Motherboard Number: LA-9632P

Repair Process :

The standby current reaches 0.045A, which is a bit too high. There should be a leakage somewhere or the work has occurred in advance. 

So I used my fingers to touch every part of the motherboard. I felt a little warmth around the common point and the charging chip area.

             After removing PU301 and PQ309 and turning on the computer, the problem persisted. Then I disassembled PQ306, PQ307, PQ312, the bridge, BIOS, PQ302, and PQ 303, and the problem remained the same. After repeatedly disassembling and replacing these components, the problem was still not solved.

        

When blowing the PQ302, I found 120 written on the resistor next to it. The 2 in the middle looked a bit burnt. When I blew it down, 12 ohms became infinity.

 

This resistor was not marked with a circuit number and I didn’t know where it was connected. At that time, I thought I had found the root cause of the disease. , found a 1 ohm resistor and connected it. 

            When I turned on the power for maintenance, I seemed to see a small amount of smoke floating in the air, staying for a very short time. But at this time, the standby current of the maintenance power supply is 0.009A. After turning off the power supply and then measuring the resistance of 1 ohm, the value becomes infinity.

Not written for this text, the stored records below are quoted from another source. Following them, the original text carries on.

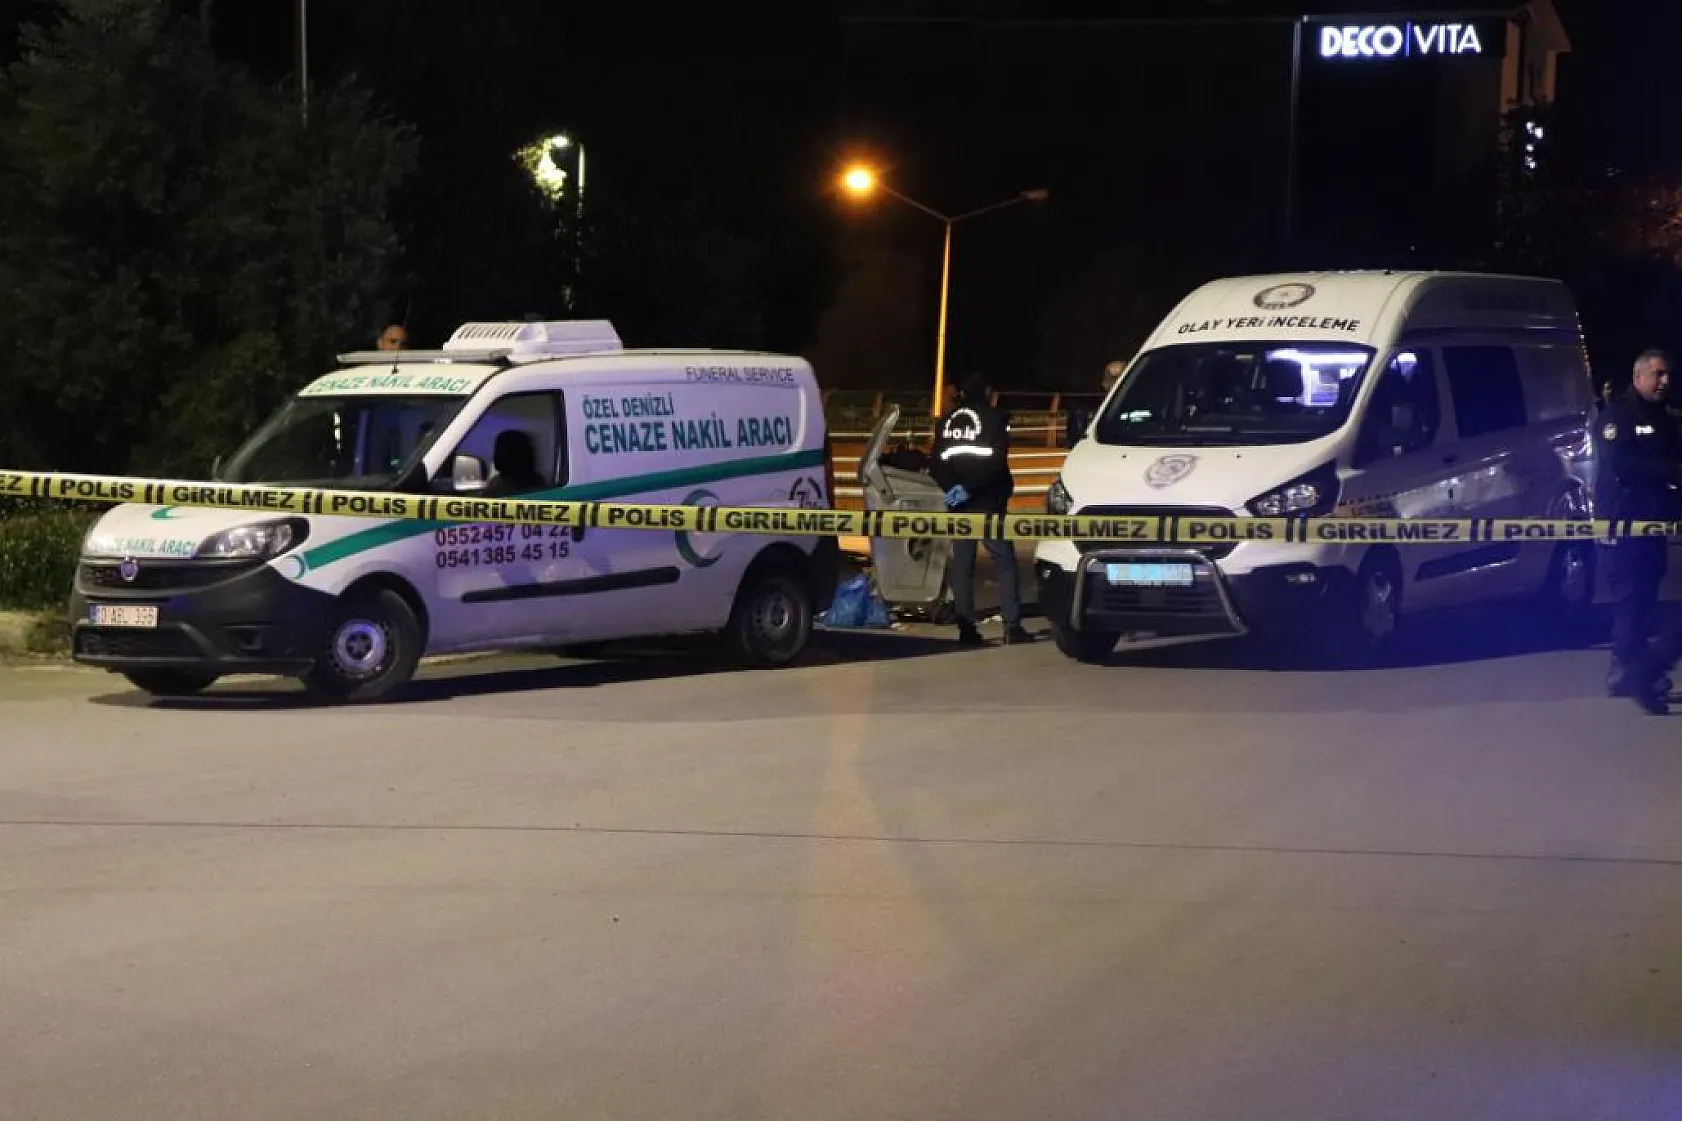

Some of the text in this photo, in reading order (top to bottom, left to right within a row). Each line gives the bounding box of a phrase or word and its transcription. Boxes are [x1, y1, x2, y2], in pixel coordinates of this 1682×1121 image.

[1321, 24, 1481, 56] DECO VITA
[1178, 319, 1223, 334] OLAY
[685, 366, 794, 382] FUNERAL SERVICE
[582, 394, 619, 418] ÖZEL
[584, 410, 793, 454] CENAZE NAKİL ARACI
[521, 543, 542, 561] 45
[548, 541, 569, 559] 15
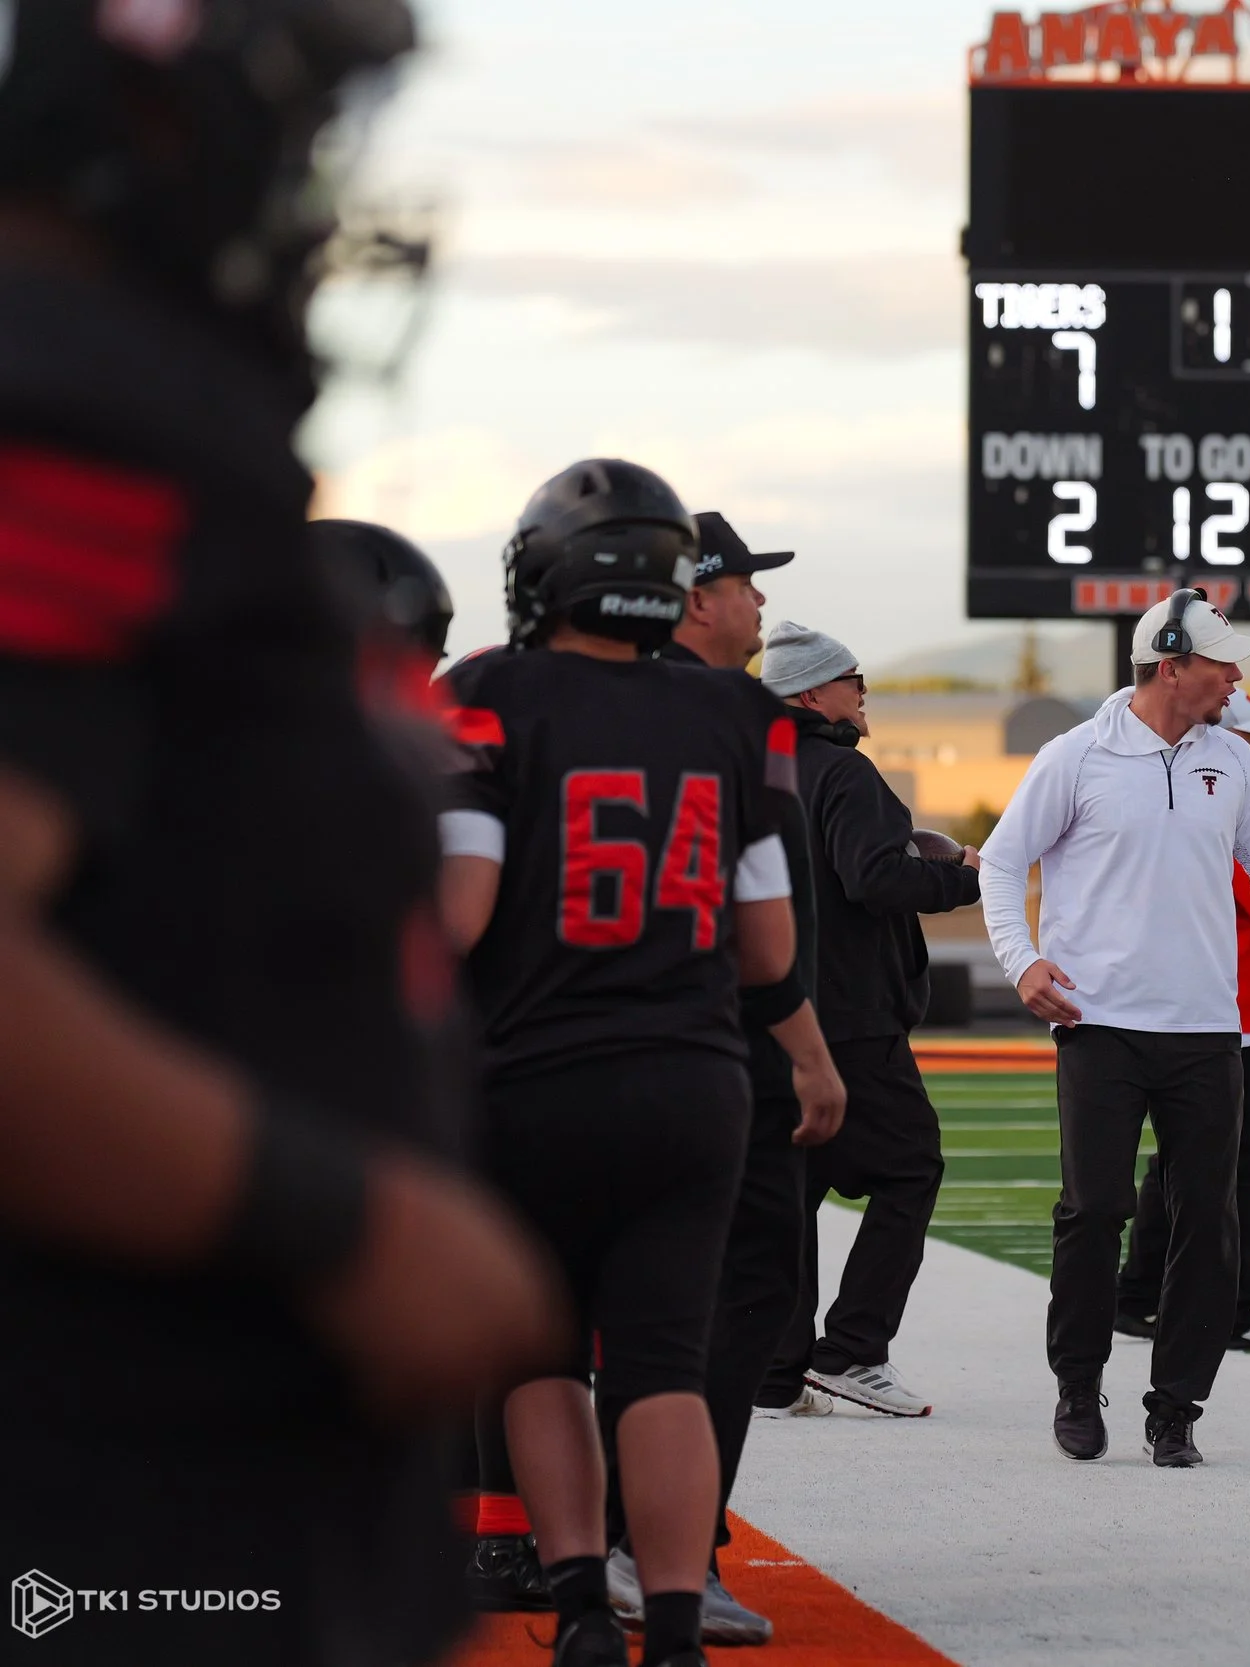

         Then I tested the resistance value of the left end of the resistor to ground, which was 0. I thought it was grounded for a while, but then I finally came to my senses. If the left end of the resistor is connected to ground, and the right end of the resistor is connected to 19V, if this logic is established, it is obvious that U=IR is the current.

            There will be 19A. On the other hand, if this logic does not hold true, it means that there is a load on the left end of the resistor, and the load is short-circuited. After careful comparison with the circuit diagram, the identity of the X resistor was finally confirmed. 

   It turns out that it is PR319, the one in the red circle in the second picture. Then I finally got to the PC314 in the green circle, which is the driver. I blew it down to measure the short circuit. The third picture shows the standby current.

Then I replaced them one by one and used tweezers to short-circuit pins 4 and 8 of JPWRB1. The power-on current came up, and then I slowly restored its original appearance.

After solving the problem, review the entire maintenance process. This capacitor should have a slight standby leakage at the beginning. When the standby current is too large and does not turn on, it is dynamically triggered.

The state becomes dynamic large leakage, short circuit protection and does not turn on.

In this state The change time is very short and cannot be felt. Then during this process of repeatedly blowing and dismantling components, the high temperature accelerated his aging and death, and the state became a static short circuit. I found the final answer after burning the resistor.